Pictures do not belong in your copy. Repeat all the other data exactly.
┏━━
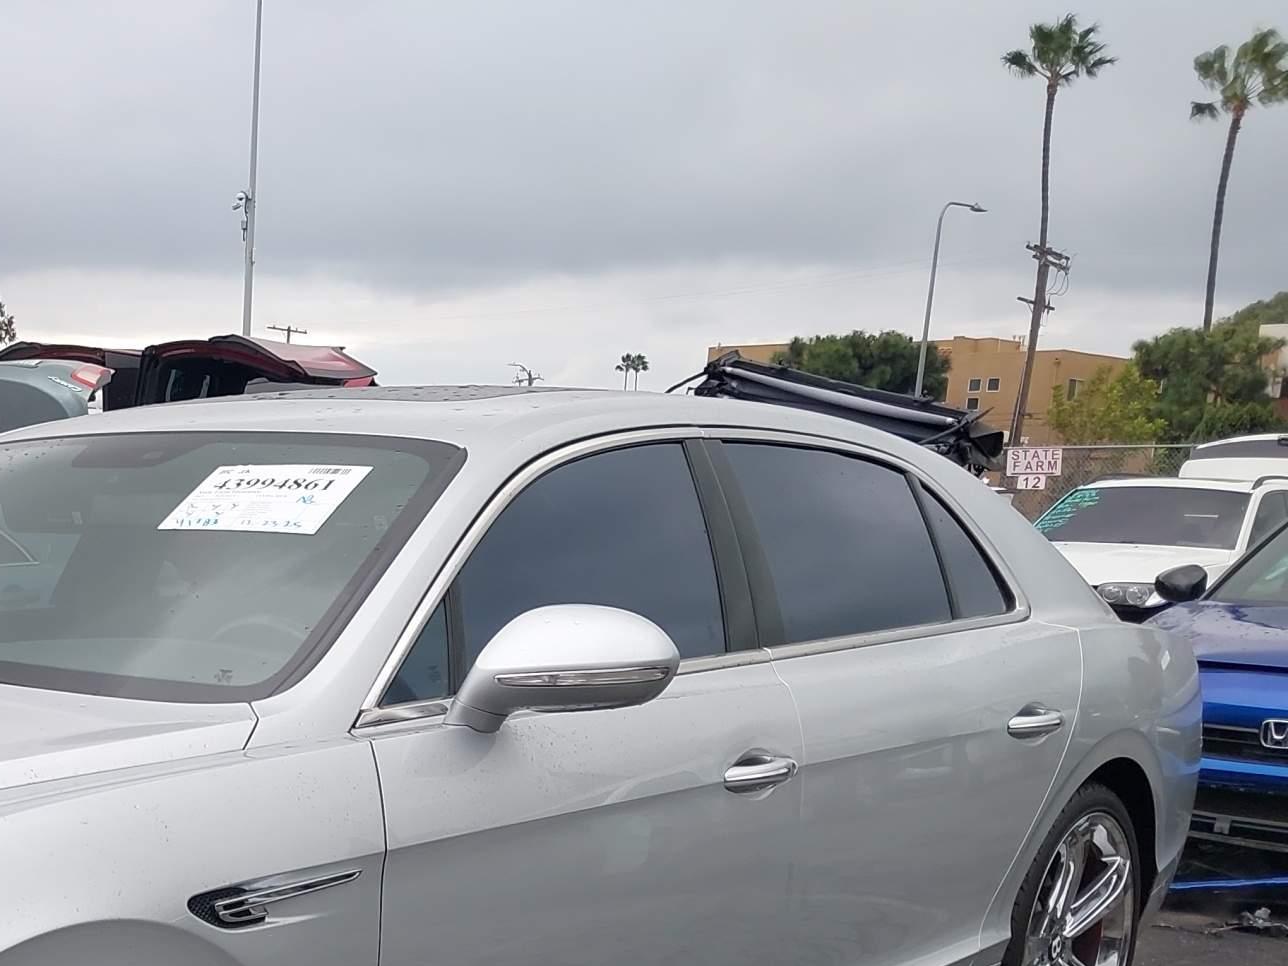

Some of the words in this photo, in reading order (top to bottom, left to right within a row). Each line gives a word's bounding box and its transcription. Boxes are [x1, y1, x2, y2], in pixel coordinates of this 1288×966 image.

[1011, 450, 1060, 460] STATE
[1012, 461, 1057, 471] FARM
[213, 477, 337, 491] 43994861
[1023, 476, 1041, 489] 12
┗━━
## Answer to the exercise
Some of the words in this photo, in reading order (top to bottom, left to right within a row). Each line gives a word's bounding box and its transcription. Boxes are [x1, y1, x2, y2], in pixel coordinates of this 1288×966 image.

[1011, 450, 1060, 460] STATE
[1012, 461, 1057, 471] FARM
[213, 477, 337, 491] 43994861
[1023, 476, 1041, 489] 12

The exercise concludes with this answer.